Bongkar Tas Atlet PBSI Medan: Benda Wajib Ini Gak Boleh Ketinggalan Saat Tanding!

Benda pertama yang menjadi penghuni tetap adalah Tas Atlet PBSI Medan, yang biasanya memiliki teknologi kompartemen termal khusus. Kompartemen ini bukan sekadar fitur estetika, melainkan berfungsi untuk melindungi senar raket dari perubahan suhu ekstrem yang dapat mempengaruhi tegangan atau tensi senar. Di Medan, di mana cuaca bisa sangat lembap dan panas, menjaga kestabilan senar adalah kunci agar kontrol bola tetap presisi. Di dalam tas tersebut, biasanya terdapat minimal empat hingga enam raket cadangan dengan spesifikasi yang identik. Hal ini bertujuan untuk mengantisipasi jika ada senar yang putus di tengah pertandingan yang intens, sehingga pemain tidak perlu beradaptasi ulang dengan karakter raket yang berbeda. Konsistensi alat adalah kunci utama bagi seorang atlet untuk mempertahankan rasa atau feeling pukulan mereka di lapangan.

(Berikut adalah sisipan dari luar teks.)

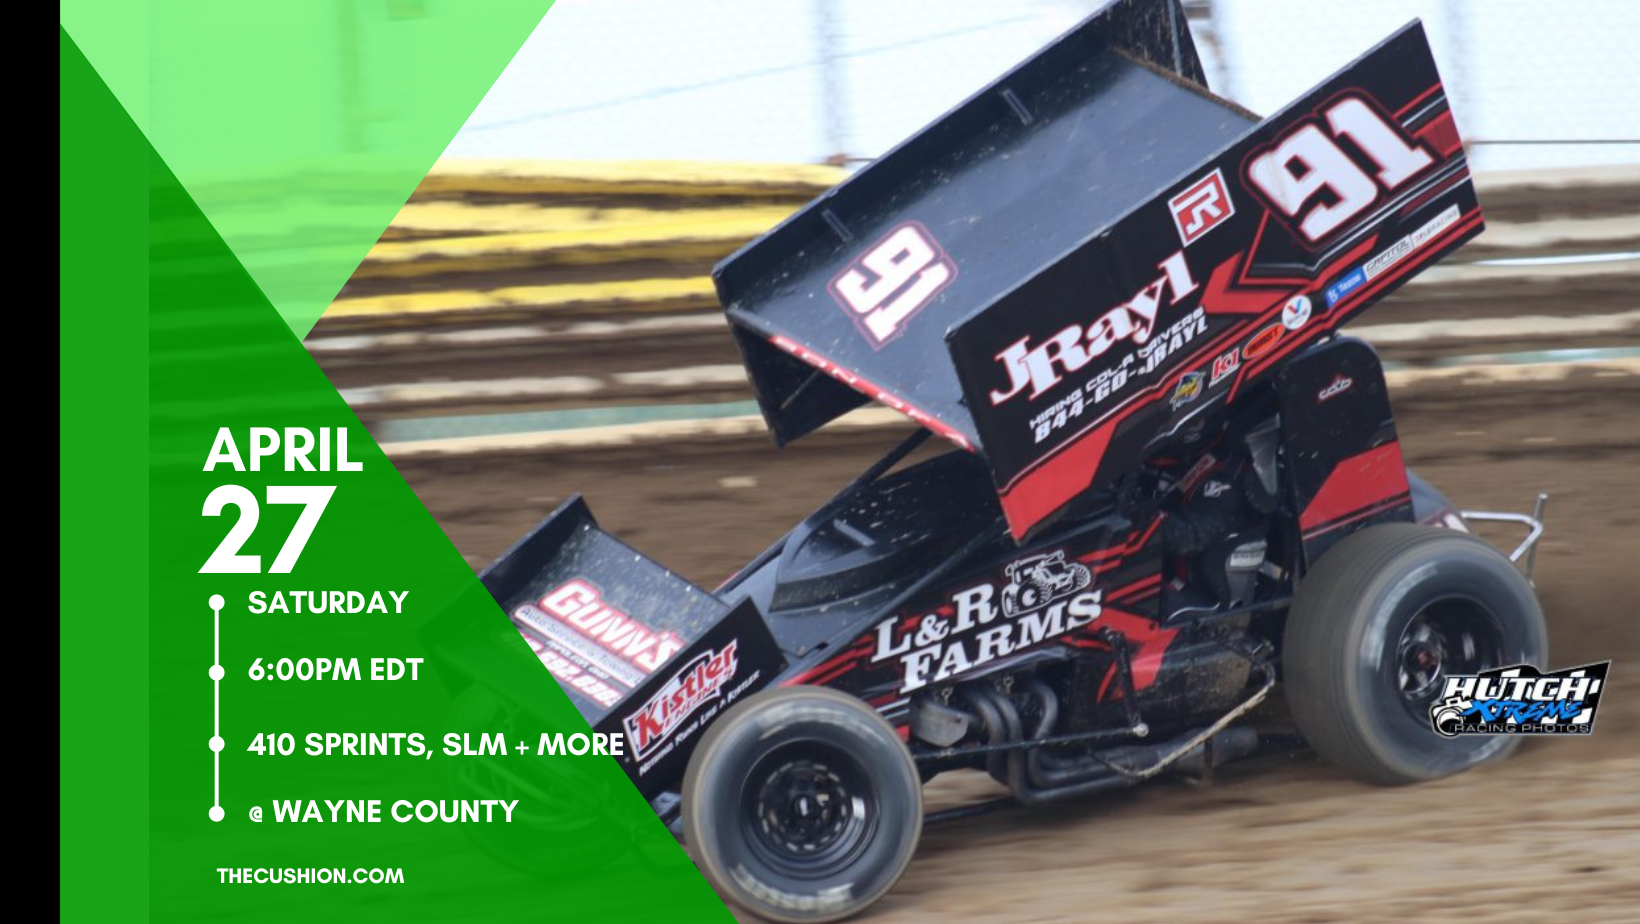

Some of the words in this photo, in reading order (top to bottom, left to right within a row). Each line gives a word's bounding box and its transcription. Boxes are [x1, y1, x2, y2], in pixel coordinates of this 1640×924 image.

[1249, 98, 1434, 241] 91
[836, 226, 949, 342] 91
[989, 250, 1199, 406] JRayl
[1029, 388, 1083, 430] HIRING
[1034, 320, 1209, 444] 844-GO-JRAYL
[871, 584, 998, 663] L&R
[900, 590, 1102, 694] FARMS
[635, 642, 737, 750] Kistler

Selain raket, perlengkapan tekstil menjadi bagian yang sangat memenuhi ruang Tas Atlet PBSI Medan tersebut. Seorang pemain profesional bisa mengganti baju hingga berkali-kali dalam satu pertandingan yang melelahkan. Oleh karena itu, tumpukan jersey cadangan, celana pendek, hingga kaos kaki dengan ketebalan khusus selalu tersedia dalam jumlah banyak. Kaos kaki cadangan sangat penting untuk menjaga kaki tetap kering, karena keringat yang berlebih dapat menyebabkan kaki licin di dalam sepatu, yang pada akhirnya memicu lecet atau bahkan cedera serius seperti terkilir. Handuk kecil juga selalu tersampir di kompartemen samping, siap digunakan untuk menyeka keringat di tangan dan wajah setiap kali pergantian poin atau interval pertandingan untuk menjaga agar pegangan raket tidak licin.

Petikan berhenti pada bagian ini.